Cue more derision from the Tartan Army, not helped by the fact Brazil went onto win the game 4-1, but Hill will be remembered as the man that maybe formed the persona of the modern day pundit as a forthright but knowledgeable voice on our tv screens.
He did actually play the game to a decent level, most famously at Fulham, and also helped Coventry City become a top level club as a manager and then as a director.
A penalty, no doubt about it?
From Jimmy Hill to Rio Ferdinand the Scots have a usual suspects line up of pundits the punters North of the border would love to fire free-kicks at but the Welsh could point to a son of Shettleston, Glasgow as the Scot that offended them as much as any English pundit.

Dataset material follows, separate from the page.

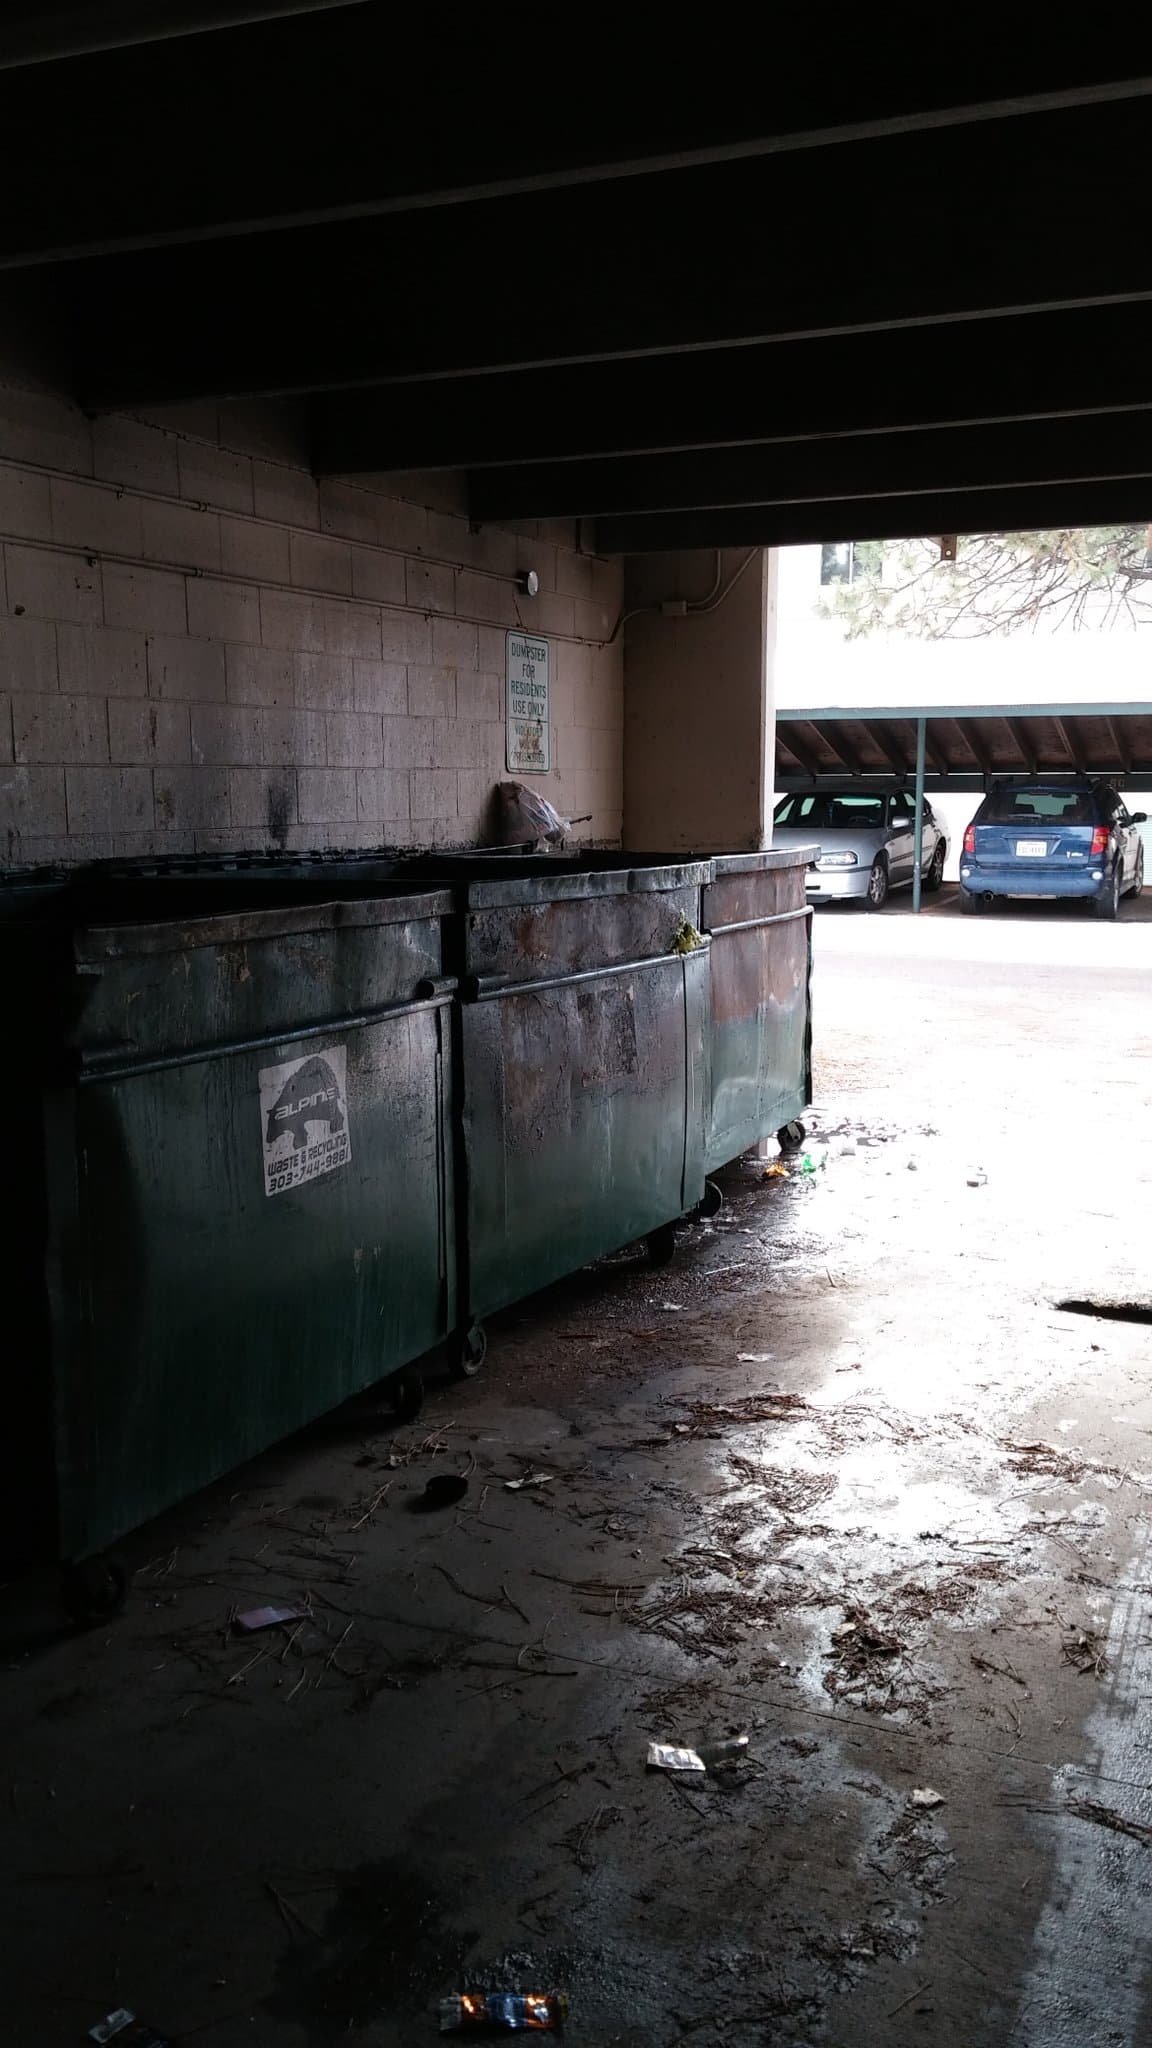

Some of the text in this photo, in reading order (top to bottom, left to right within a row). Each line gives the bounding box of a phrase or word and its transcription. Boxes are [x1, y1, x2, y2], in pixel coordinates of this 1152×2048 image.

Archie MacPherson was a former schoolteacher who rose to become Scotland's top football commentator from the early 1970s until the mid 1990s through his association with BBC Scotland and the need for the corporation to have a Scottish angle (for viewers in Scotland only) at the regular Auld Enemy clashes pre 1990, and indeed at World Cups, at a time when Scotland were largely seen as the British B team by the media in London at World Cups in West Germany and Argentina in the 1970s due to English non qualification.
Scotland were on a wave of patriotic emotion under the guidance of manager Ally Macleod in 1977 and, after a 3-1 win over European Champions Czechoslovakia, they had Wales to beat to qualify for Argentina.

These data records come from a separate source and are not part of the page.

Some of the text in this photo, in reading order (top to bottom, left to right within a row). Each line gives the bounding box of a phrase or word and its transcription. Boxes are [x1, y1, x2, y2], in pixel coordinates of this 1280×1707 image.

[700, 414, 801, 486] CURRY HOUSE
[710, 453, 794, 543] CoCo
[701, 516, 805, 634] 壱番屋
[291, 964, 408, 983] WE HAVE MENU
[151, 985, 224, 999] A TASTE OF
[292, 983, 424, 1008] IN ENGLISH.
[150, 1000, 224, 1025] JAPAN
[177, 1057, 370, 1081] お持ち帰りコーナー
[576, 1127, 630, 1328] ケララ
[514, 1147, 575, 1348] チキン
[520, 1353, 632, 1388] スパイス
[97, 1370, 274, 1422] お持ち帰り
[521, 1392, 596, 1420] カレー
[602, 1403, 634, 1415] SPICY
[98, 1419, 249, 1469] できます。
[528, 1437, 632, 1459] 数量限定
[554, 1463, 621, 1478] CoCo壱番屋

The game was moved to Anfield to accommodate the huge Tartan Army support and with Scotland in the form of their post war history they gained a stroke of luck to go alongside their undoubted skill at the time.
Joe Jordan jumped with Dave Jones in the Welsh 18-yard box following a long throw-in, and the sleeved arm of the Scottish striker rose as if to help the ball on its way. To the amazement of the short-sleeved Jones, the referee awarded a penalty for hands.
|Joe Jordan's handball still gets to the Welsh to this day!|
A case of mistaken identity clearly but Archie in the Anfield commentary box uttered the now infamous line "A penalty, no doubt about it" despite the slow motion replay showing otherwise and an outcry for football justice from men in red that could be heard from South Wales to Southport and beyond.
Don Masson netted from the spot and the rest is history, as the award opened the door to Argentina and all that, but if Joe Jordan is still public enemy number one in the land of the dragon the narrator of Welsh pain is undoubtedly a full of hyperbole MacPherson.
His name is Rio
Rio Ferdinand's punditry future might be on the line on Sunday after the bold predictions he has made on the BBC regarding England at the Euros.
Rio had even surpassed Ian Wright now as main Three Lions Cheerleader with his unshakeable belief in Gareth Southgate's team but his trolling of a Scotland fan on twitter after the England v Ukraine game has shown him up to be a bit of an analogue man in a digital world.
The original tweet aimed at Rio accused him of arrogance with his predictions for the auld enemy clash ahead of the 0-0 draw at Wembley and was posted 24 hours after the game in London but the fact Rio sat on it for two weeks before replying has ruffled feathers in some quarters..
Should England beat Italy on Sunday perhaps it could be daid that Rio has won the social media war, but If not, expect him to have a busy comments section on Monday morning.